▸ **DATA SECTION**:

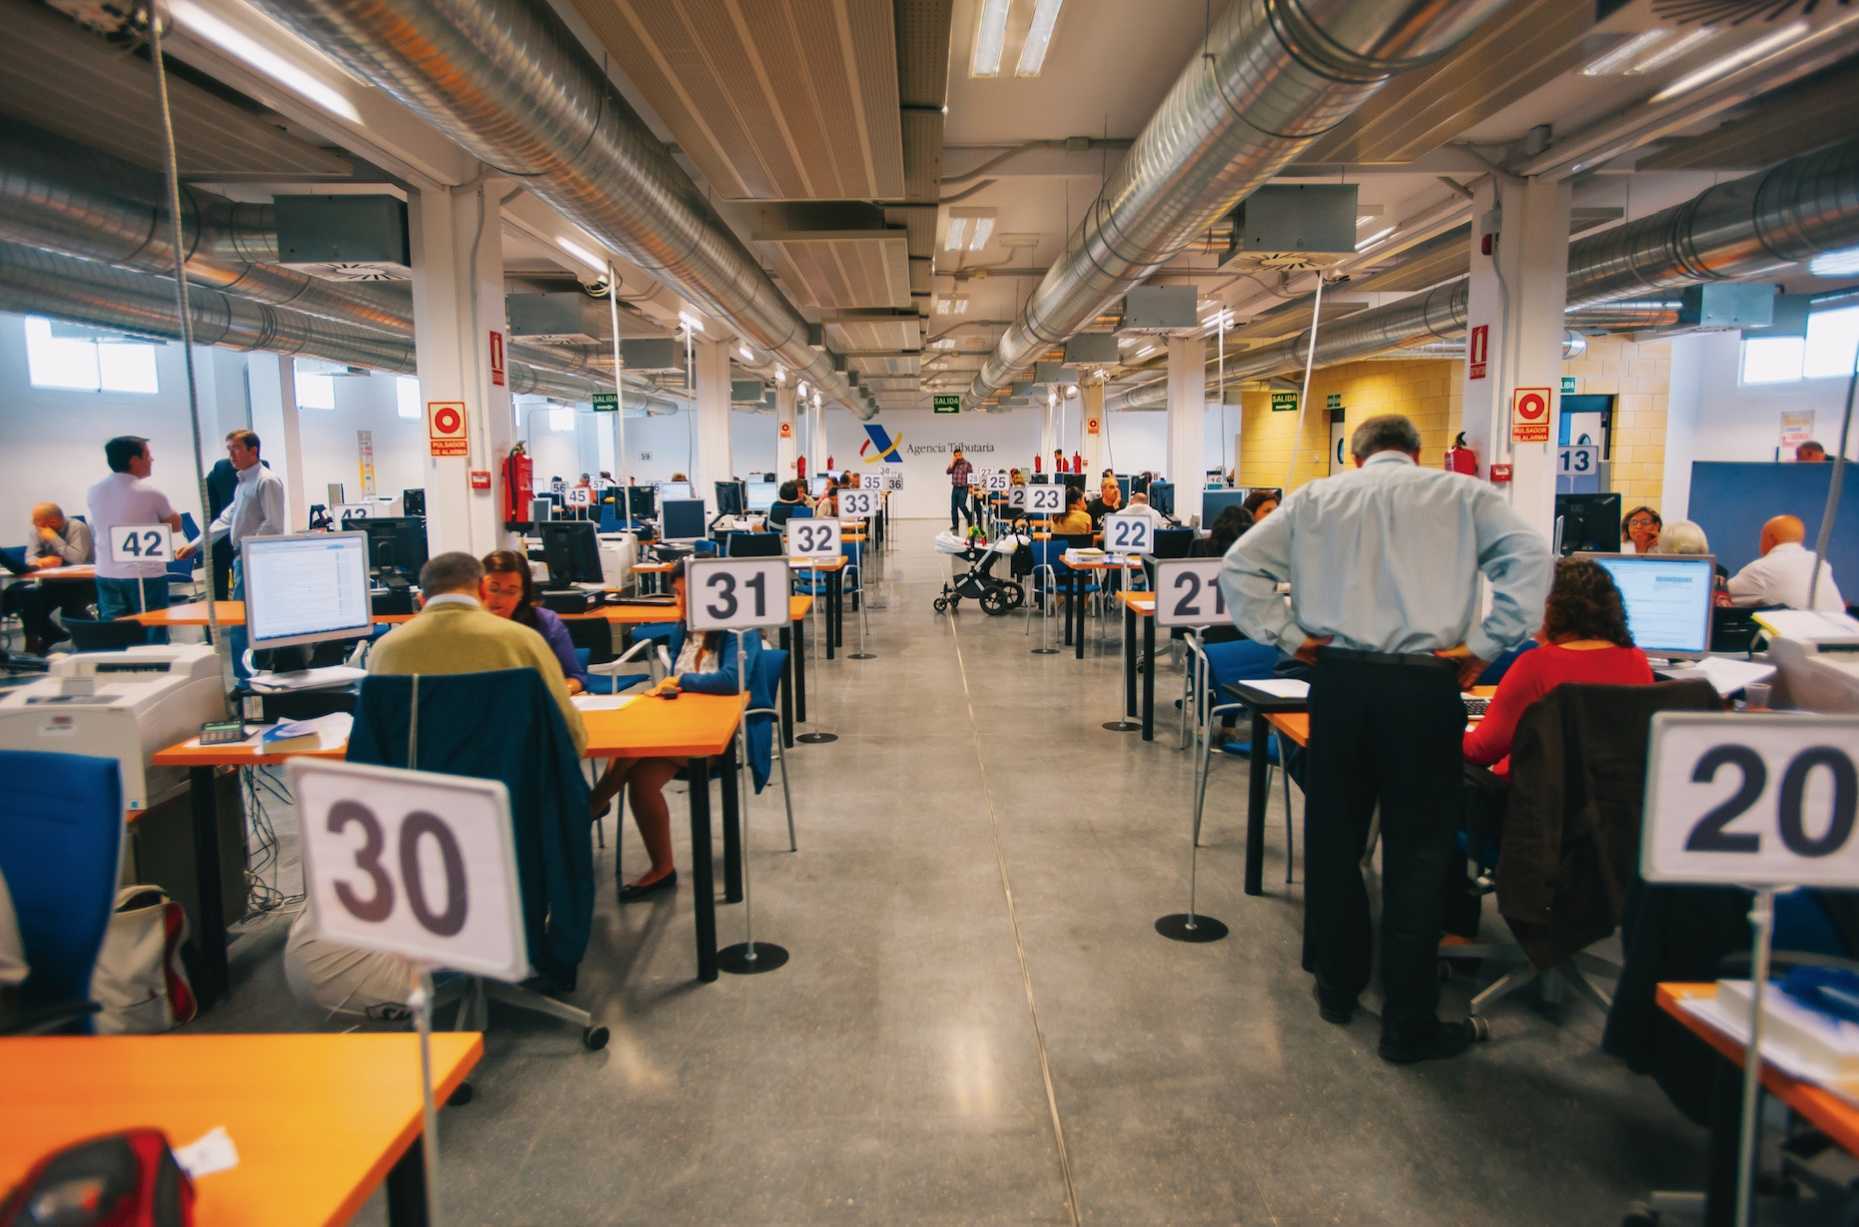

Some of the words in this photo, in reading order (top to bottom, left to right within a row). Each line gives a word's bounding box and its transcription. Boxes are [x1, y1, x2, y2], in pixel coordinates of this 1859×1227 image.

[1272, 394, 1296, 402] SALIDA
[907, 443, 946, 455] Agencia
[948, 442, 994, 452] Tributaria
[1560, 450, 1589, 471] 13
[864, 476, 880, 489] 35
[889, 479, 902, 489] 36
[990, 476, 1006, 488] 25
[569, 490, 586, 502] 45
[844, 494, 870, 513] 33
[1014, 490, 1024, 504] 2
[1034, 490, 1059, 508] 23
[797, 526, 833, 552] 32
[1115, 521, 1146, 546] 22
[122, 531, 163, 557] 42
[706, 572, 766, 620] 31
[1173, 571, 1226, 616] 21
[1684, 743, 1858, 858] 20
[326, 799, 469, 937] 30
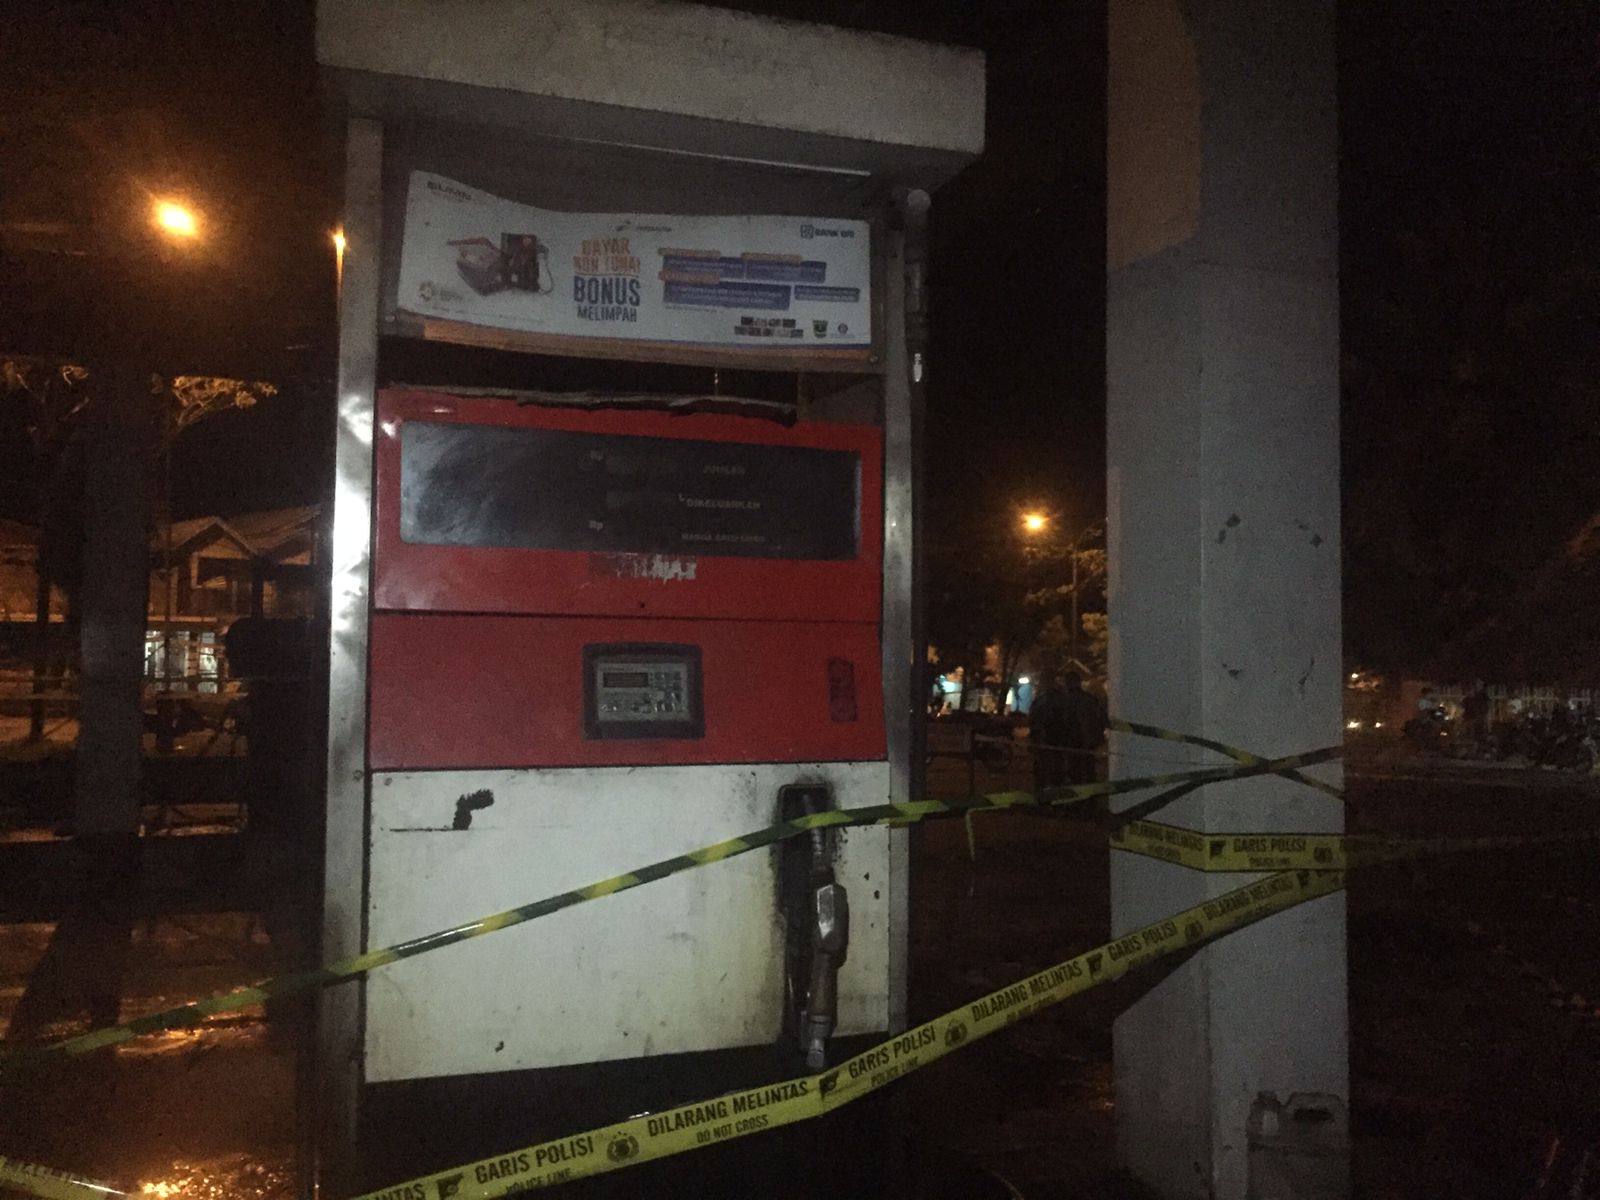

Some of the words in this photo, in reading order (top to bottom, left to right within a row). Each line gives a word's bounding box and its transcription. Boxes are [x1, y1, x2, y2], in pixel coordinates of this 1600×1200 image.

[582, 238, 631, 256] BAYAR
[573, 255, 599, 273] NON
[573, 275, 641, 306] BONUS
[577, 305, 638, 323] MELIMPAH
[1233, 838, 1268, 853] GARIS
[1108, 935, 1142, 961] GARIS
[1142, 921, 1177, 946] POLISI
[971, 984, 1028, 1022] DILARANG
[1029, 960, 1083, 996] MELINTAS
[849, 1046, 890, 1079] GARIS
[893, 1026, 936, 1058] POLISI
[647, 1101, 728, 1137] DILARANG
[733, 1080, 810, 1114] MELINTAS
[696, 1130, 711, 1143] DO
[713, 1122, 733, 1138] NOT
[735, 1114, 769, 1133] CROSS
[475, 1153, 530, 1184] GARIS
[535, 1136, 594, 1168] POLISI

▸ **AIM OF THE TASK**: The answer is a faithful copy of the records above, with the pictures removed.

▸ **TASK RESULT**:
Some of the words in this photo, in reading order (top to bottom, left to right within a row). Each line gives a word's bounding box and its transcription. Boxes are [x1, y1, x2, y2], in pixel coordinates of this 1859×1227 image.

[1272, 394, 1296, 402] SALIDA
[907, 443, 946, 455] Agencia
[948, 442, 994, 452] Tributaria
[1560, 450, 1589, 471] 13
[864, 476, 880, 489] 35
[889, 479, 902, 489] 36
[990, 476, 1006, 488] 25
[569, 490, 586, 502] 45
[844, 494, 870, 513] 33
[1014, 490, 1024, 504] 2
[1034, 490, 1059, 508] 23
[797, 526, 833, 552] 32
[1115, 521, 1146, 546] 22
[122, 531, 163, 557] 42
[706, 572, 766, 620] 31
[1173, 571, 1226, 616] 21
[1684, 743, 1858, 858] 20
[326, 799, 469, 937] 30

Some of the words in this photo, in reading order (top to bottom, left to right within a row). Each line gives a word's bounding box and its transcription. Boxes are [x1, y1, x2, y2], in pixel coordinates of this 1600×1200 image.

[582, 238, 631, 256] BAYAR
[573, 255, 599, 273] NON
[573, 275, 641, 306] BONUS
[577, 305, 638, 323] MELIMPAH
[1233, 838, 1268, 853] GARIS
[1108, 935, 1142, 961] GARIS
[1142, 921, 1177, 946] POLISI
[971, 984, 1028, 1022] DILARANG
[1029, 960, 1083, 996] MELINTAS
[849, 1046, 890, 1079] GARIS
[893, 1026, 936, 1058] POLISI
[647, 1101, 728, 1137] DILARANG
[733, 1080, 810, 1114] MELINTAS
[696, 1130, 711, 1143] DO
[713, 1122, 733, 1138] NOT
[735, 1114, 769, 1133] CROSS
[475, 1153, 530, 1184] GARIS
[535, 1136, 594, 1168] POLISI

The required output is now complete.